Pharmacological evidence for the presence of a peripheral postjunctional D2-like dopamine receptor in rabbit splenic artery.

1. This study was designed to investigate the involvement of postjunctional D2-like receptors in a rabbit vasculature model used to evaluate the D1-like agonist activity. Dopamine, epinine and (-)-DP-5,6-ADTN, three mixed D1/D2-like agonists, fenoldopam and SKF 82958, two selective D1-like agonists and SKF 89124, a selective D2-like agonist, were administered cumulatively in precontracted and alpha/beta-blocked rabbit splenic artery rings in order to evaluate their D1-like-mediated vasorelaxant activity before and after pretreatment with the selective D2-like antagonist YM 09151-2 (1 nM). 2. Dopamine (pD2=6.35+/-0.09), epinine (pD2=6.73+/-0.13), (-)-DP-5,6-ADTN (pD2=7.56+/-0.09) and SKF 82958 (pD2=8.55+/-0.10) reversed completely the U46619-induced contracture whereas SKF 89124 was inactive up to 10 microM and fenoldopam acted like a partial agonist (pD2=8.31+/-0.09, alpha=0.62).
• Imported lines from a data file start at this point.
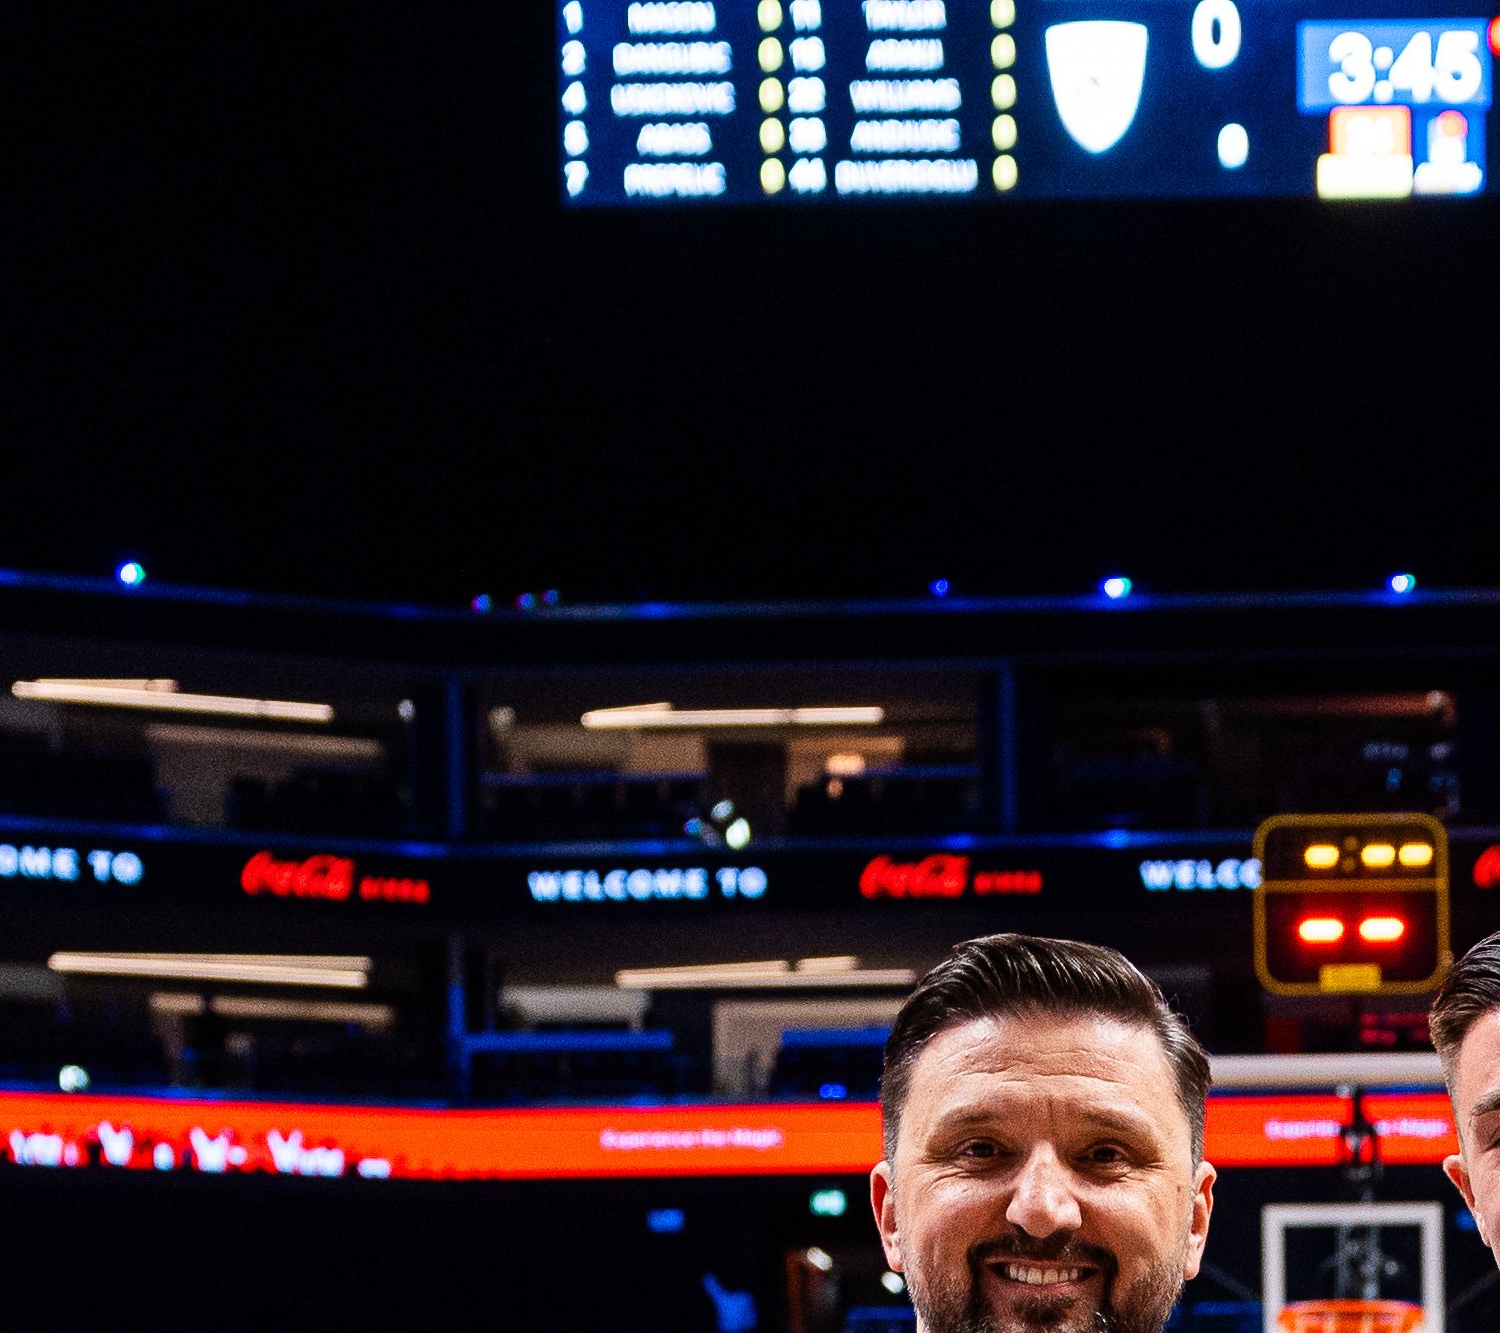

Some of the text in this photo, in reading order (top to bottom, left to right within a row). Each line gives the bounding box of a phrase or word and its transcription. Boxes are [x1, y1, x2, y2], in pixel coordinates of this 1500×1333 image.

[1329, 30, 1483, 104] 3:45
[89, 850, 143, 884] TO
[527, 866, 768, 902] WELCOME TO
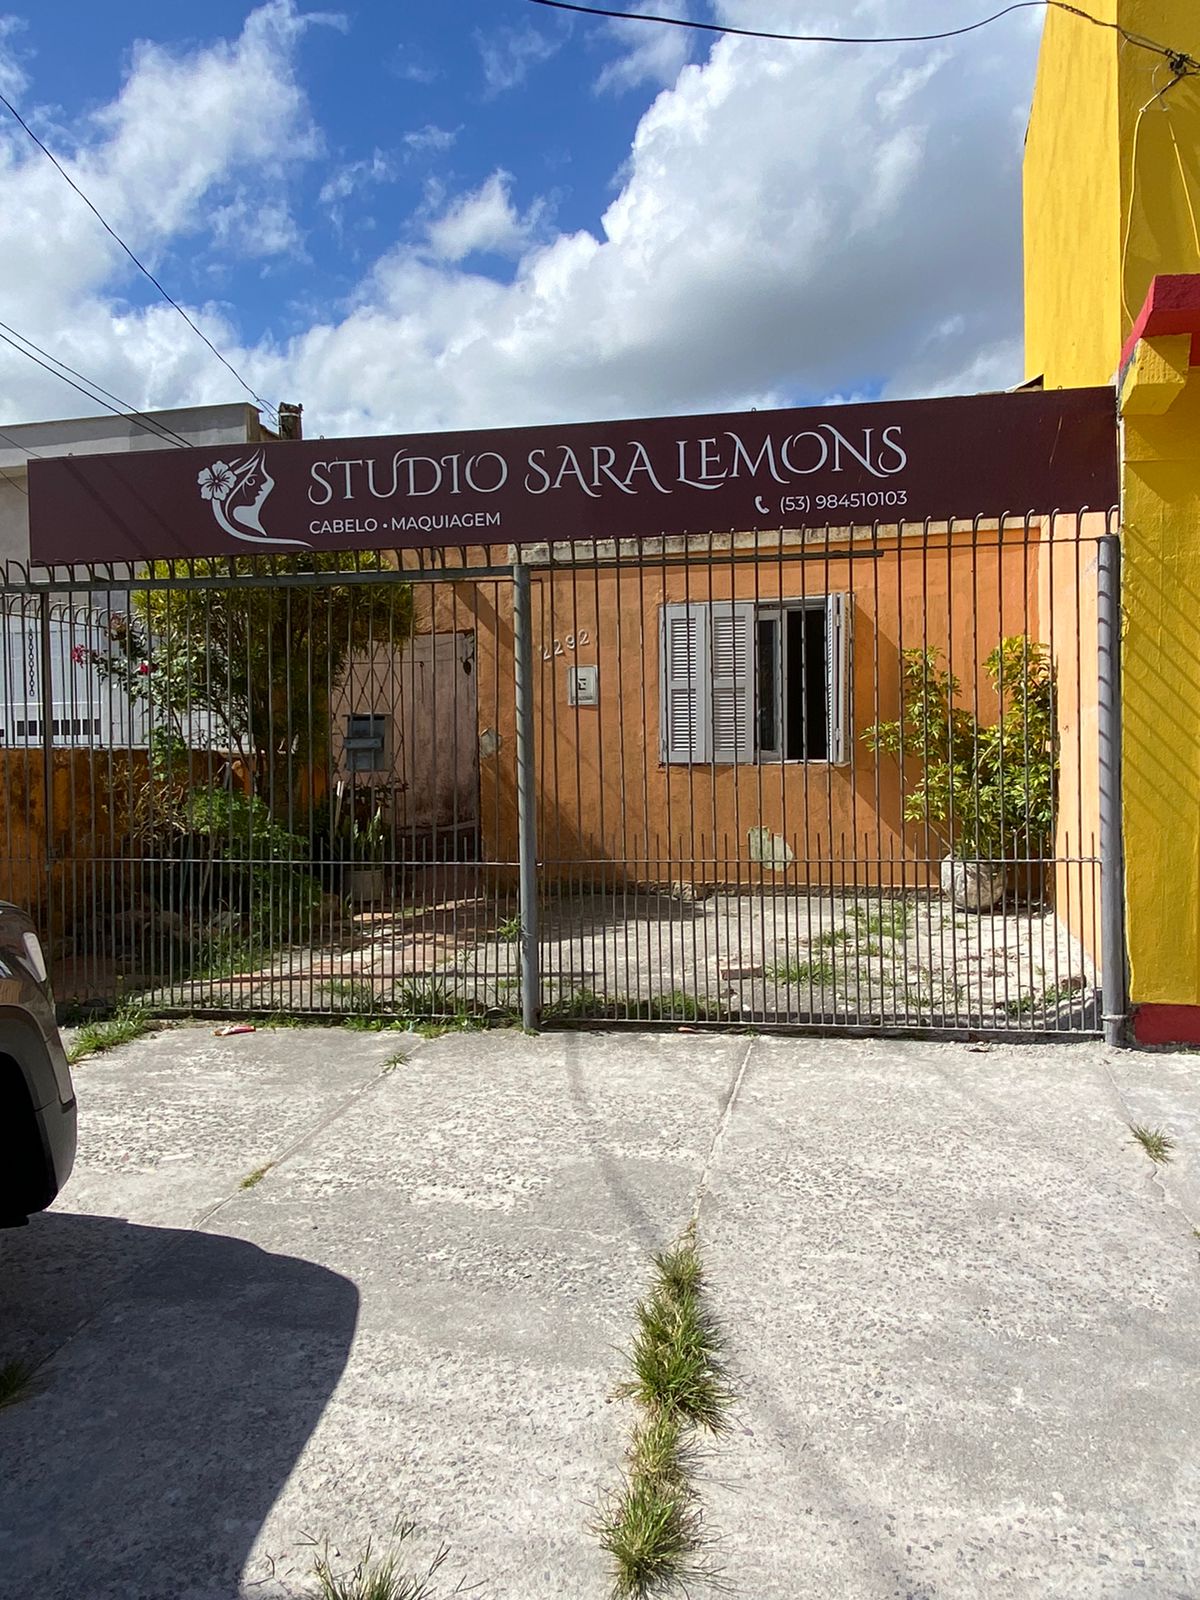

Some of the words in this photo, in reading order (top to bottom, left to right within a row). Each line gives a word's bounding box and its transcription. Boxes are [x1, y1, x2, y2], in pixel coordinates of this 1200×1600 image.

[308, 449, 507, 504] STUDIO
[525, 442, 672, 497] SARA
[677, 424, 906, 491] LEMONS
[780, 495, 811, 514] (53)
[815, 491, 907, 510] 984510103
[310, 518, 377, 534] CABELO
[392, 512, 500, 532] MAQUIAGEM
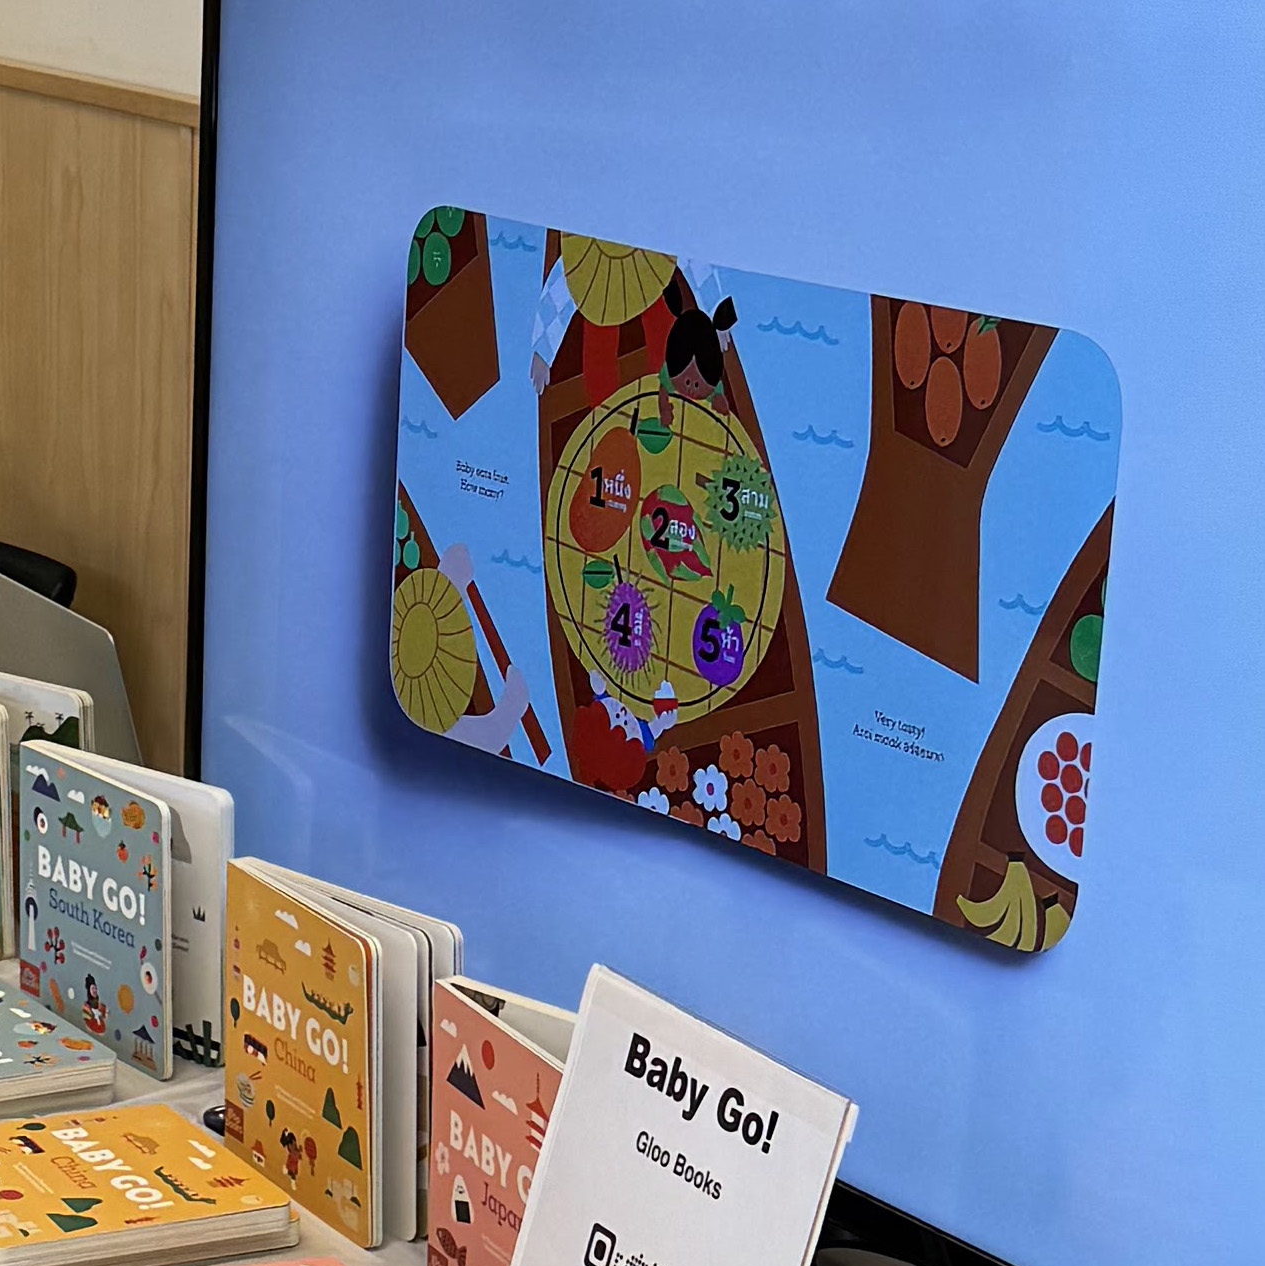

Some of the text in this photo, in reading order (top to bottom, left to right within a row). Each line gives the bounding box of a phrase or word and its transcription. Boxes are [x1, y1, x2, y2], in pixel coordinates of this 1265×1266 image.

[590, 467, 605, 508] 1
[720, 477, 741, 522] 3
[651, 507, 670, 550] 2
[610, 603, 632, 648] 4
[698, 617, 721, 663] 5
[38, 845, 145, 925] BABY GO!
[49, 888, 89, 926] South
[93, 908, 135, 947] Korea
[243, 974, 348, 1074] BABY GO!
[275, 1037, 316, 1084] China
[624, 1032, 780, 1154] Baby Go!
[50, 1127, 174, 1210] BABY GO!
[50, 1156, 97, 1189] China
[450, 1109, 512, 1188] BABY
[636, 1131, 722, 1200] Gloo Books
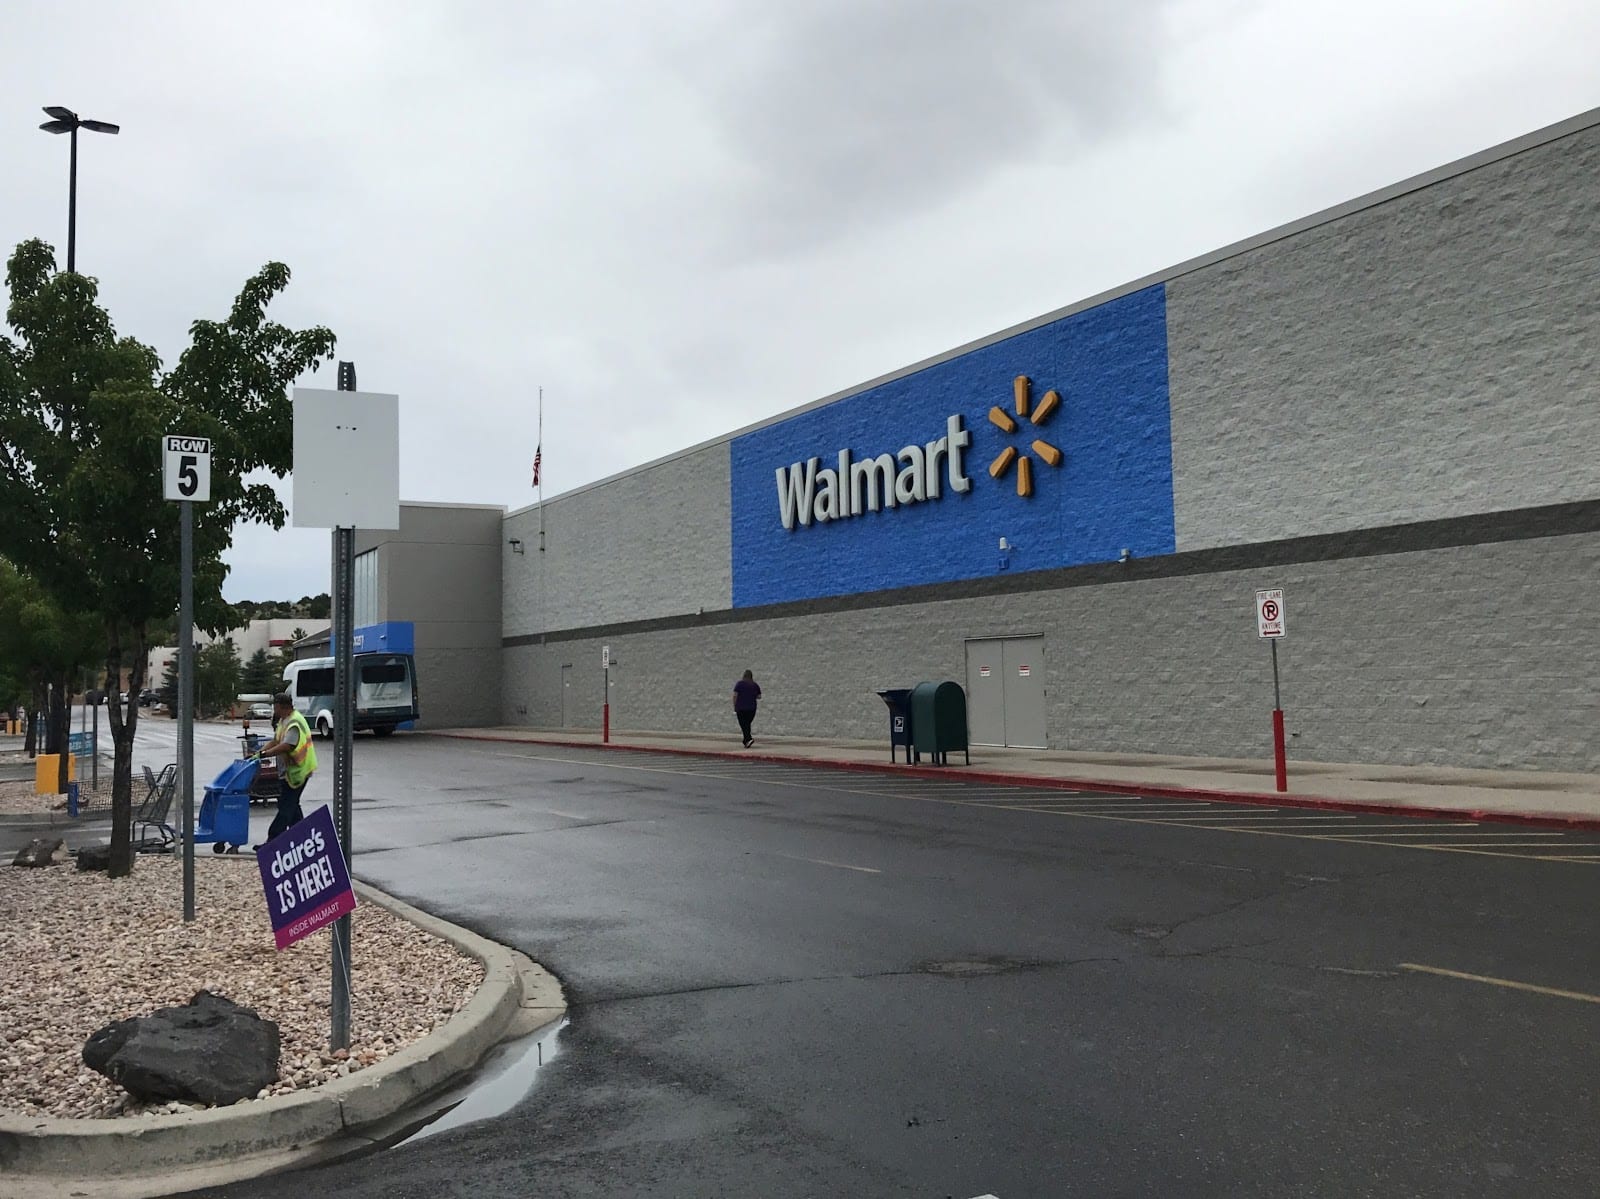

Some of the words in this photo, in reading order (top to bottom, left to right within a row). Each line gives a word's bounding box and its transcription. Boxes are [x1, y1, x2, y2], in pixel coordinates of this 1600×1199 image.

[170, 439, 206, 453] ROW
[178, 456, 198, 496] 5
[775, 413, 970, 530] Walmart
[271, 827, 325, 879] claire's
[275, 878, 296, 914] IS
[294, 854, 336, 903] HERE!
[288, 919, 310, 937] INSIDE
[308, 901, 340, 928] WALMART
The selective D2-like dopamine receptor antagonist YM 09151-2 (1 nM) significantly (P<0.05) potentiated the vasorelaxant activity of dopamine (pD2=7.01+/-0.07), epinine (pD2=7.14+/-0.08), (-)-DP-5,6-ADTN (pD2=8.19+/-0.09) and SKF 89124 (40% relaxation at 10 microM), whereas it did not alter the effects of fenoldopam (pD2=8.40+/-0.09, alpha=0.68) and SKF 82958 (pD2=8.58+/-0.08). 3. The D2-like antagonist YM 09151-2 induced the same degree of effect with all the substances tested in both endothelium-denuded and endothelium-intact preparations. 4. The selective D2-like dopamine receptor agonist SKF 89124 did not produce any intrinsic effect on the splenic artery, but was able to produce a rightward shift of the forskolin-induced relaxation. 5. The results of these experiments support the existence of a non-endothelial postjunctional D2-like dopamine receptor counteracting the D1-like-mediated vasodilatation in rabbit splenic artery, probably by the inhibition of adenylate cyclase.[1]

References

Pharmacological evidence for the presence of a peripheral postjunctional D2-like dopamine receptor in rabbit splenic artery. Zanzottera, D., Ferlenga, P., Marchini, F., Semeraro, C. Br. J. Pharmacol. (1998) [Pubmed]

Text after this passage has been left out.